12. Mr. Suhas Sen, learned counsel for the revenue, submitted on question No. 2, inter alia, that the ITO was competent to exercise his discretion under Section 23(4) of the Act whenever the question of renewal of registration came up before him. It is not the case of the assessee that the ITO had exercised the discretion in favour of the assessee when the assessment was made under Section 23(4). The order shows that the assessee was treated as an unregistered firm. The ITO found that there was no application of the assessee for renewal of registration and, therefore, he did not consider the question of registration. It is also not the case of the assessee that the ITO exercised his discretion under Section 23(4) and refused the renewal of registration. He submitted that an order granting or refusing registration to an assessee was an order independent and separate from the order of assessment and because an order of assessment had been made under Section 23(4) it did not follow that an order granting or refusing registration must be deemed to have been made.

13. Mr. Sen submitted further that the powers of the ITO respectively under Sections 26A and 23(4) were distinct and independent and they could be exercised simultaneously or separately. In the instant case, when the ITO was considering the application of the assessee under Section 26A of the Act, he could also exercise his discretion under Section 23(4) as the same had not been exercised till that time. It was within his discretion to refuse registration of the firm under Section 23(4).

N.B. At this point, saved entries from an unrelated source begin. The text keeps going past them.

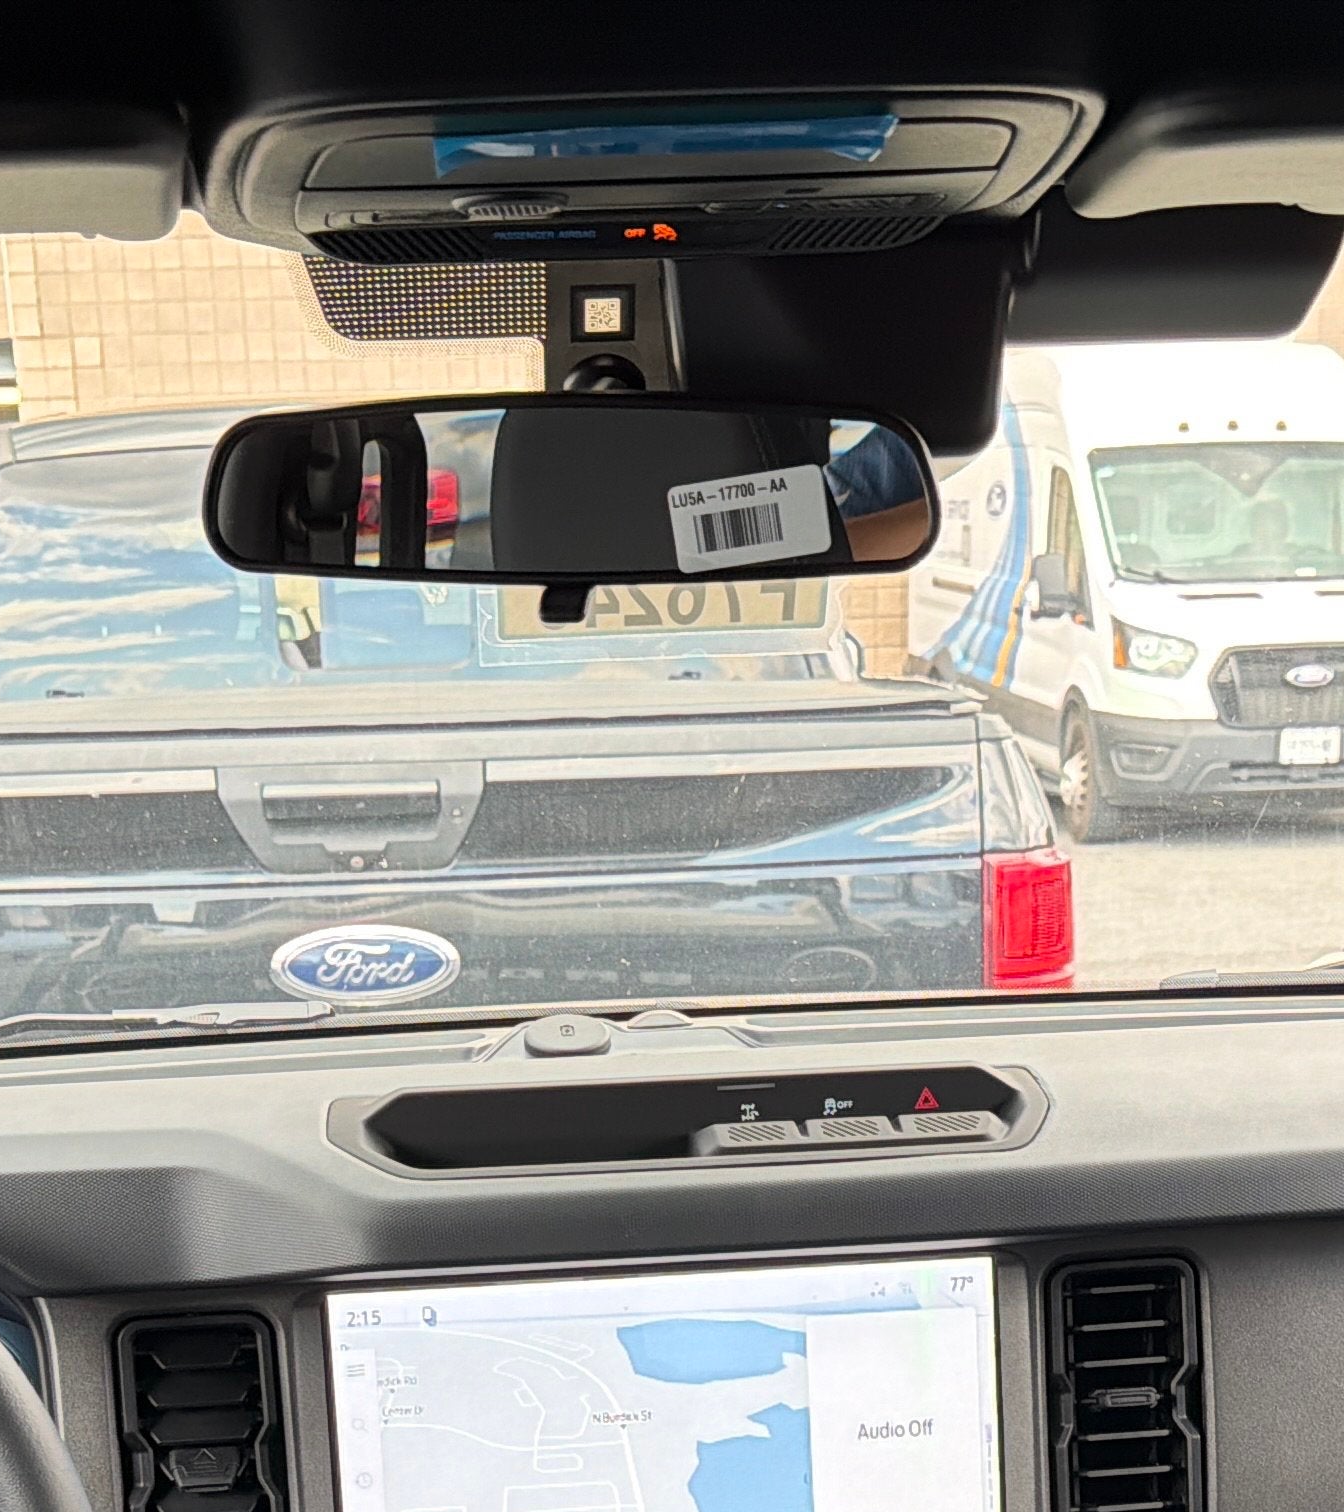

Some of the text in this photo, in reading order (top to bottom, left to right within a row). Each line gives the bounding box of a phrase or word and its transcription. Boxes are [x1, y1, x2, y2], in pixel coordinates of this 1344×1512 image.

[558, 230, 596, 239] AIRBAG
[624, 228, 646, 238] OFF
[317, 943, 416, 986] Ford
[837, 1100, 854, 1109] OFF
[346, 1310, 382, 1327] 2:15
[857, 1418, 935, 1440] Audio Off

14. In support of his contentions, Mr. Sen cited a decision of the Supreme Court in CIT v. Amritlal Bhogilal & Co. : [1958]34ITR130(SC) for the following observations in the judgment of Gajendragadkar J. (at page 137 of the report):

' It is important to bear in mind that the order granting registration to an assessee-firm is an independent and separate order and it merely affects or governs the procedure to be adopted in collecting or recovering the tax found due. It is not disputed that the registration granted by the Income-tax Officer to an assessee-firm can be cancelled by him either under Section 23(4) or under Rule 6B. It is also clear that the Income-tax Officer's order granting registration can be cancelled by the Commissioner under Section 33B(1).'

15. Mr. Sen also cited a decision of the Gujarat High Court in CIT v. Jekisondas Bhukandas : [1967]66ITR515(Guj) . This decision was cited for the following observations of Bhagwati J. (at page 519 of the report):

' The Income-tax Officer has thus two powers to refuse registration of a firm I one under Section 26A, and the other, under Section 23(4). The two powers are distinct and independent; the scope of the two powers is different and different conditions govern the exercise of the two powers. But that does not mean that the Income-tax Officer cannot exercise both the powers simultaneously and make an order refusing registration under both the sections. The Income-tax Officer can refuse registration under Section 26A or in the exercise of his discretion under Section 23(4) or simultaneously under Section 26A and in the exercise of his discretion under Section 23(4).'

16. Mr. Pranab Pal, learned counsel for the assessee, contended on the other hand that Section 23(4) of the Act contemplated only one order. Section 30 of the Act provided for appeals, inter alia, against an order of refusal to register a firm under Section 23(4) and this appeal had to be presented within 30 days of the receipt of the notice of demand following the assessment. Unless the order of assessment and the order refusing to renew registration was passed at one and the same time the assessee would be prejudiced inasmuch as his appeal from the order refusing renewal of registration under the said section would become time-barred.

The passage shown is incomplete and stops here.